Por essa razão, a explicação dos quesitos assume papel fundamental para a legitimidade do julgamento. Cabe ao Ministério Público, durante os debates, esclarecer aos jurados as consequências jurídicas das respostas que serão submetidas à votação. Se determinado quesito conduz ao reconhecimento de homicídio doloso, isso deve ser explicado. Se determinado quesito conduz à desclassificação para homicídio culposo, isso também deve ser explicado.
O jurado tem o direito de saber exatamente o que está decidindo.
A situação torna-se ainda mais delicada quando a "tese culposa" surge apenas na tréplica, em uma inovação de hipótese defensiva. É dizer: não raramente, a defesa sustenta durante todo o julgamento uma tese absolutória, como negativa de autoria ou legítima defesa. Ao final, porém, apresenta uma tese subsidiária de homicídio culposo, por excesso culposo ou conduta culposa.
Quando isso ocorre, é indispensável que o Ministério Público suscite aparte para que possa esclarecer aos jurados o alcance jurídico daquela nova tese. Do contrário, corre-se o risco de que uma desclassificação seja acolhida não por convencimento, mas por incompreensão do jurados.
Também incumbe à presidência do Júri desempenhar seu papel de garantidor da regularidade do julgamento. Sem interferir na íntima convicção dos jurados, sem sugerir respostas e sem invadir a esfera decisória do Conselho de Sentença, deve assegurar que os votantes compreendam claramente o significado e as consequências jurídicas dos quesitos submetidos à votação.
Logo, na sequência da leitura do quesito e antes da coleta dos votos, é importante que o Juiz esclareça aos jurados quais as respostas pedidas por cada uma das partes. Exemplo: 'Neste quesito, a defesa pediu que os senhores votem 'sim' e o Ministério Público pediu que votem 'não'".
A soberania dos veredictos não se resume ao direito de decidir. Ela pressupõe o direito de decidir conscientemente. Afinal, o jurado decide por consciência (artigo 472 do Código de Processo Penal).
O jurado não pode ser induzido, mas também não pode ser deixado à mercê de ambiguidades semânticas capazes de distorcer sua verdadeira vontade. Deve-se fechar as portas cognitivas para o erro de entendimento.
Talvez por isso seja tão importante refletir sobre as três palavras que dão título a este texto: culpa, culposa e culpada.
Na linguagem comum, elas parecem apontar para a mesma direção. No Direito Penal, porém, podem conduzir a destinos completamente diferentes.
Entre o culpado que responde por um homicídio doloso e o culposo que recebe tratamento penal substancialmente mais brando existe uma distância jurídica imensa. Quando essa diferença não é adequadamente compreendida, a palavra passa a ocupar o lugar da prova, a confusão substitui a convicção e o equívoco substitui a justiça.

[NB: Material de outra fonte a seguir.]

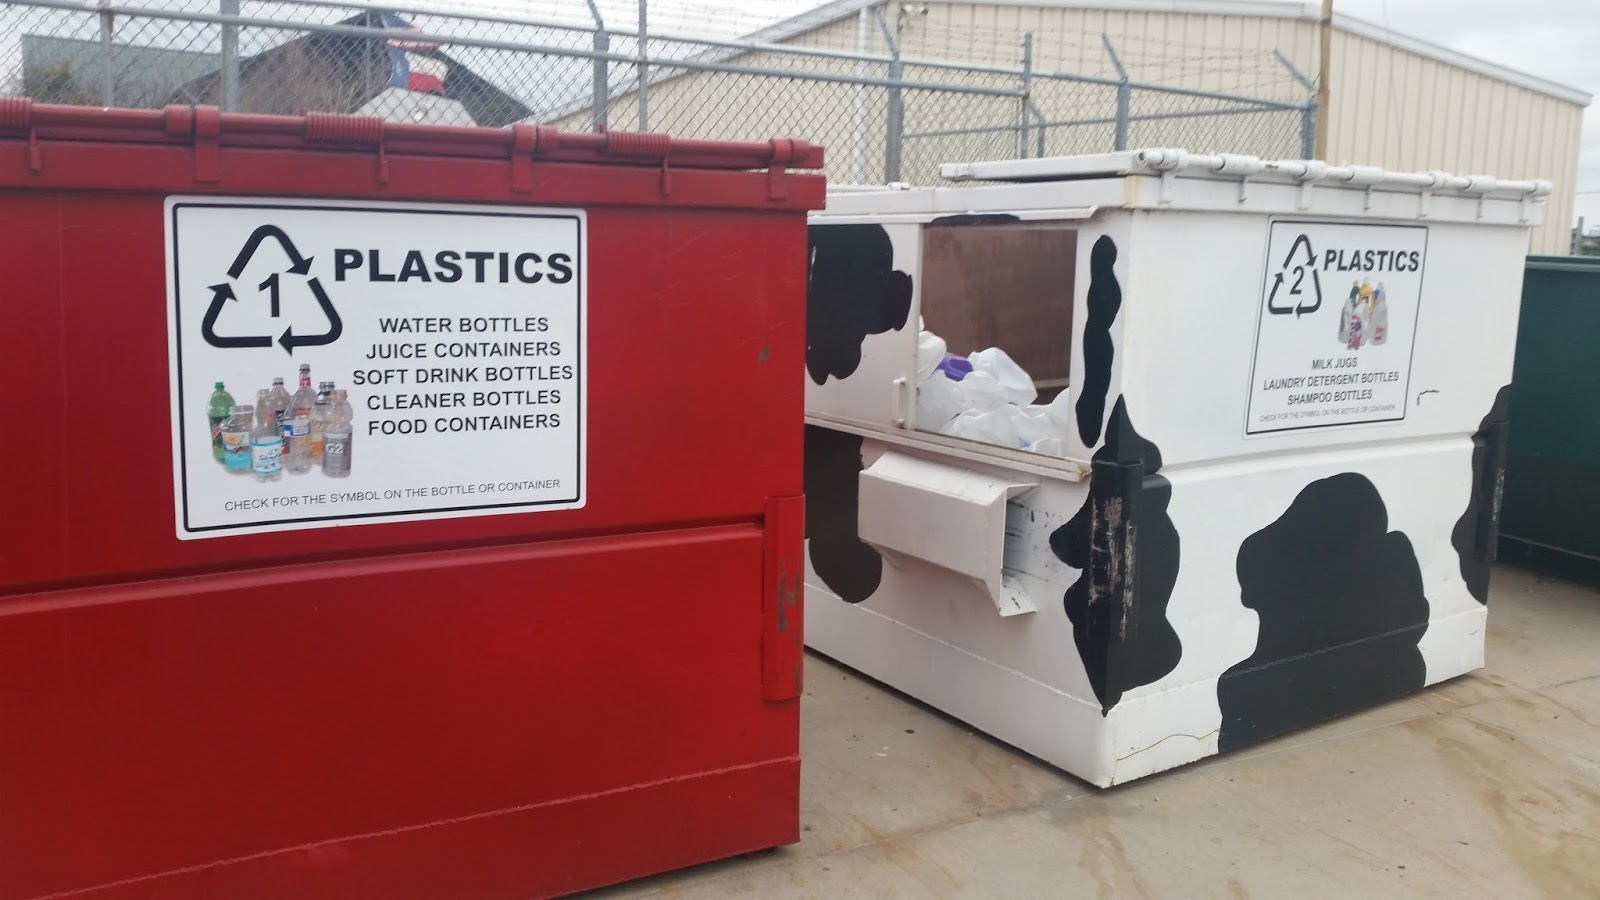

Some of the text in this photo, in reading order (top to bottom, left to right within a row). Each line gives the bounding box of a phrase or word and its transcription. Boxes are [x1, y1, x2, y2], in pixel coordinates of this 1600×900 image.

O maior risco para o Tribunal do Júri não é o jurado que decide contra a prova. O maior risco é o jurado que compreende a prova, mas não compreende a pergunta.
Afinal, entre culpa, culposa e culpada existe muito mais do que uma diferença de vocabulário. Em determinadas situações, pode existir a diferença entre um veredicto justo e um erro judiciário (injustiça).
Por César Danilo Ribeiro de Novais, Promotor de Justiça do Tribunal do Júri e autor do livro “A Defesa da Vida no Tribunal do Júri” (4a ed. - 2025).